According to the 2012 report “Hospice Care in America,” the median length of hospice service in 2011 was 19.1 days, significantly less than the time care is offered for. Yet the one regret most people have about hospice care is that they didn’t get it sooner. One reason people put off requesting hospice care is that for many Americans including many doctors, asking for hospice care is akin to giving up. So hospice care around the country is trying to rebrand itself with a focus not on death and dying but on what it can do to improve the quality of living for the patient and the patient’s family. Some hospice programs are even beginning to offer care in addition to curative services so the choice doesn’t have to be made between working to be cured and wanting to be comfortable and at home.

Palliative care was approved as a medical specialty in 2008 and is one of the fastest growing fields in medicine.  According to the Center to Advance Palliative Care, nearly 60 percent of U.S. hospitals with 50 or more beds have a palliative care program.  Hospitals have jumped at having palliative care teams because study after study has found that hospital palliative care teams are associated with significant cost savings (about $1700 per admission for live discharges and $5000 for patients who died).  That’s largely because a palliative care team helps link the various teams involved with a patient’s care to make better use of resources.  But the benefits aren’t merely about the cost savings, from the patient’s side of things, palliative care helps them to have a better understanding of their illness and helps them to make timely and informed decisions.

Much of the emphasis that people place on the difference between hospice care and palliative care is that palliative care doesn’t have an expiration date.  The patient isn’t expected to die soon.  In fact, the patient may be expected to live for quite some time.  Ideally, hospice care and palliative care would work in conjunction with each other.  A patient would begin palliative treatment for a disease like dementia or cancer.  Palliative care could help provide the patient with a higher quality of care and that care could work at being in alignment with the patient’s own desires.

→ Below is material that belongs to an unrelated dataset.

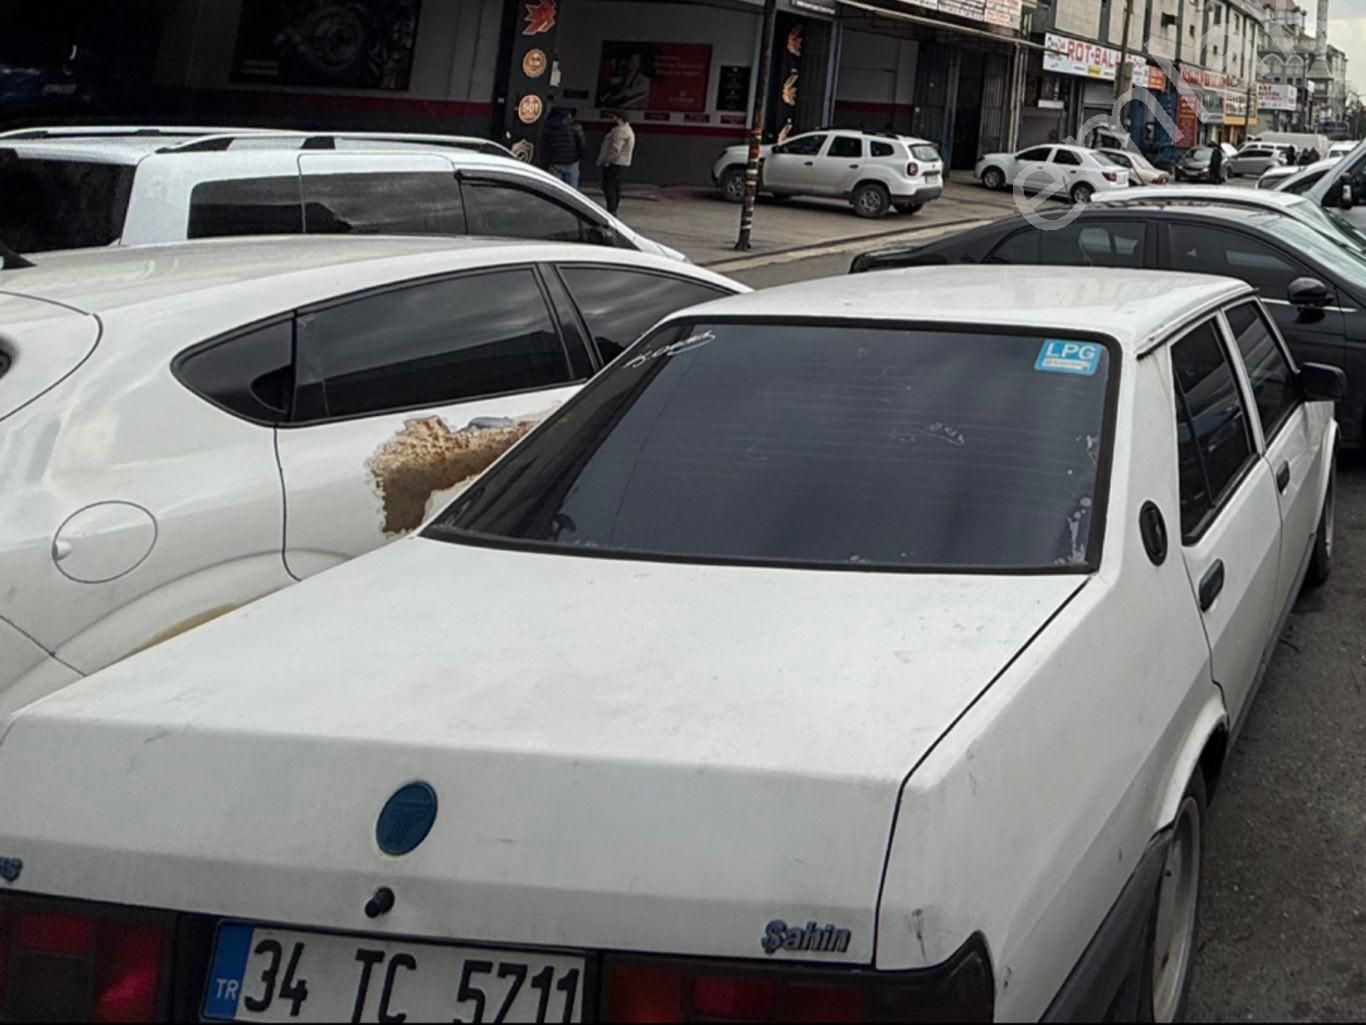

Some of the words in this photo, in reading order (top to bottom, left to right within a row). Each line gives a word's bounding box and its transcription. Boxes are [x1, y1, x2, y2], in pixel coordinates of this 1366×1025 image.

Palliative care teams include doctors, nurses and other professionals that provide the care in a facility such as a hospital, extended care facility or nursing home associated with palliative care, although it can be provided at home. While hospice programs far outnumber palliative care programs, palliative care is one of the fastest growing trends in health care according to the Center to Advance Palliative Care (CAPC), an industry trade group. Over 1700 hospitals with more than 50 beds have a palliative care team. Palliative care often leads to better health outcomes allowing the patient’s primary doctor to treat the underlying disease while the rest of the team’s efforts concentrate on improving the patient’s quality of life. One goal of palliative care not shared by hospice care is to provide the patient with a better understanding of their medical choices.

As the Baby Boomers age, the number of Americans with chronic disease is expected to double over the next 25 years.  CAPC expects palliative care to become a significant part of their care. For instance, by 2020, the United States aims to include palliative care as a part of every cancer patients care plan. In the future, palliative care will be an essential component of care for frail and medically compromised elderly patients.